[Phrase grounding data]
=== Begin Enclosure ===

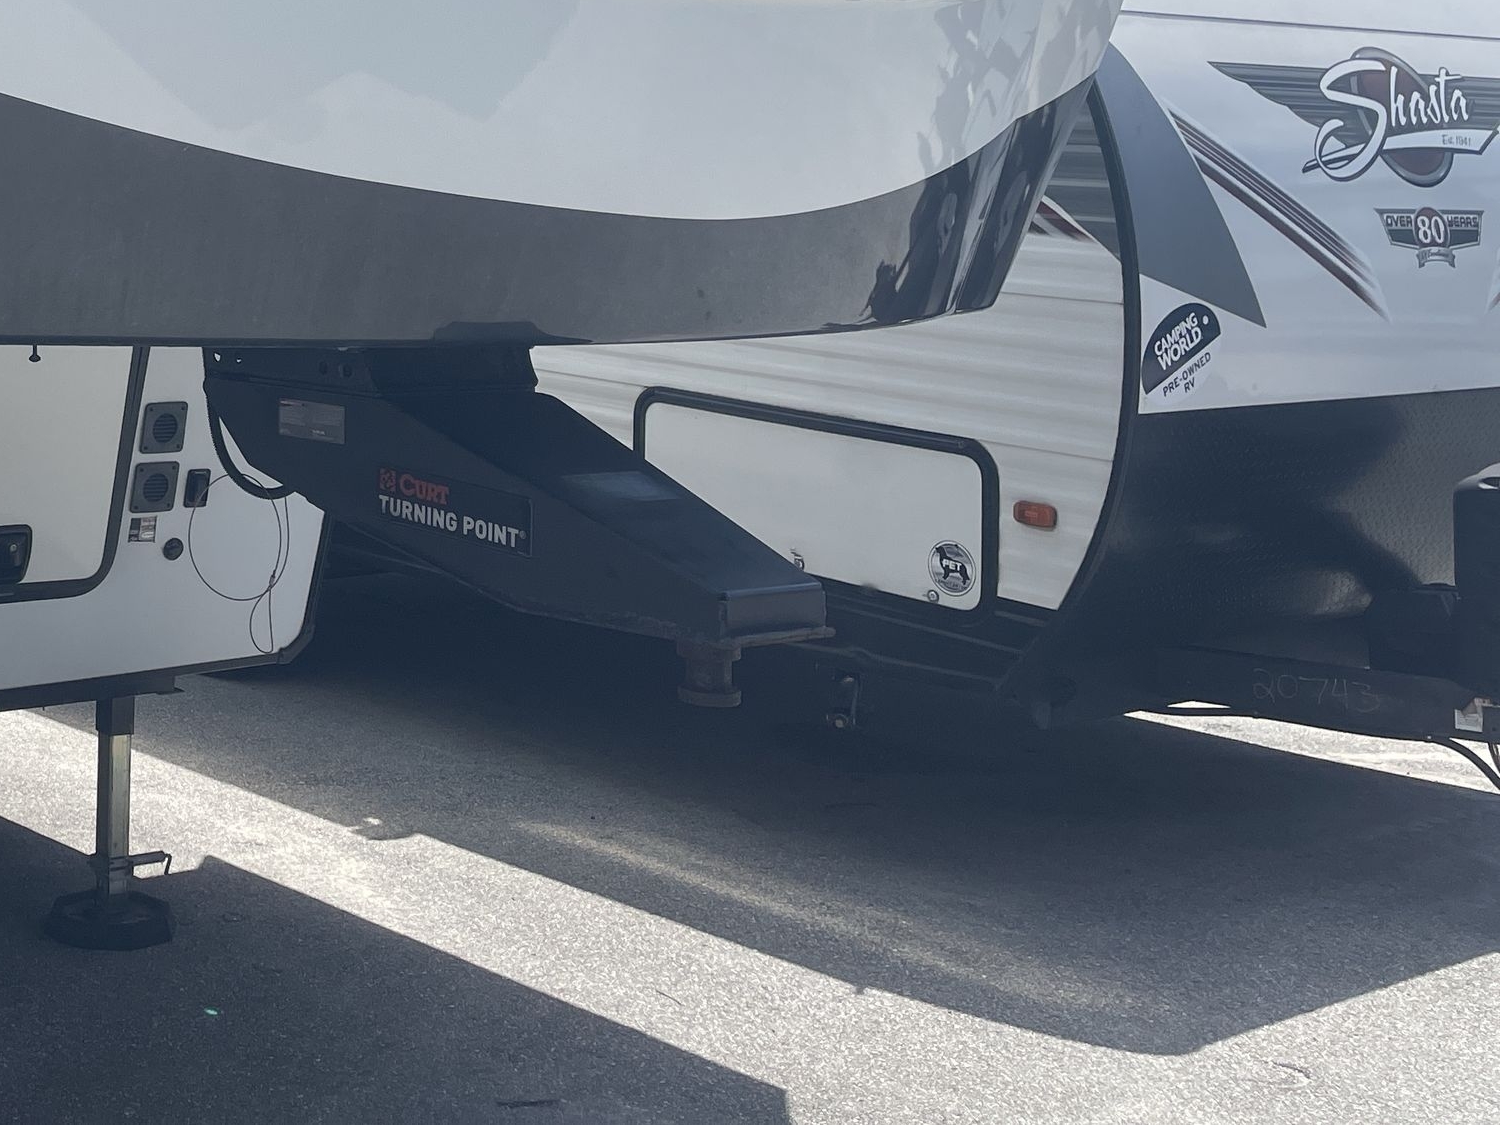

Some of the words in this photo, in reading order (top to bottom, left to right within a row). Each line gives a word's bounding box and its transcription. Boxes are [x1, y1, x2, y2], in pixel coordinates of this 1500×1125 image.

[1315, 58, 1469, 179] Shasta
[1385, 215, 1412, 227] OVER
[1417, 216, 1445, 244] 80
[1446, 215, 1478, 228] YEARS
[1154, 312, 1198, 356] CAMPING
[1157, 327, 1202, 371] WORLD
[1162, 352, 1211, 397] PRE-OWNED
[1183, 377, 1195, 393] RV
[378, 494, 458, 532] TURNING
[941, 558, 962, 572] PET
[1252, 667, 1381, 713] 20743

=== End Enclosure ===

## REQUIREMENT
Restate each record from above word for word, excluding any picture it holds.

## WRITTEN REPLY
Some of the words in this photo, in reading order (top to bottom, left to right within a row). Each line gives a word's bounding box and its transcription. Boxes are [x1, y1, x2, y2], in pixel coordinates of this 1500×1125 image.

[1315, 58, 1469, 179] Shasta
[1385, 215, 1412, 227] OVER
[1417, 216, 1445, 244] 80
[1446, 215, 1478, 228] YEARS
[1154, 312, 1198, 356] CAMPING
[1157, 327, 1202, 371] WORLD
[1162, 352, 1211, 397] PRE-OWNED
[1183, 377, 1195, 393] RV
[378, 494, 458, 532] TURNING
[941, 558, 962, 572] PET
[1252, 667, 1381, 713] 20743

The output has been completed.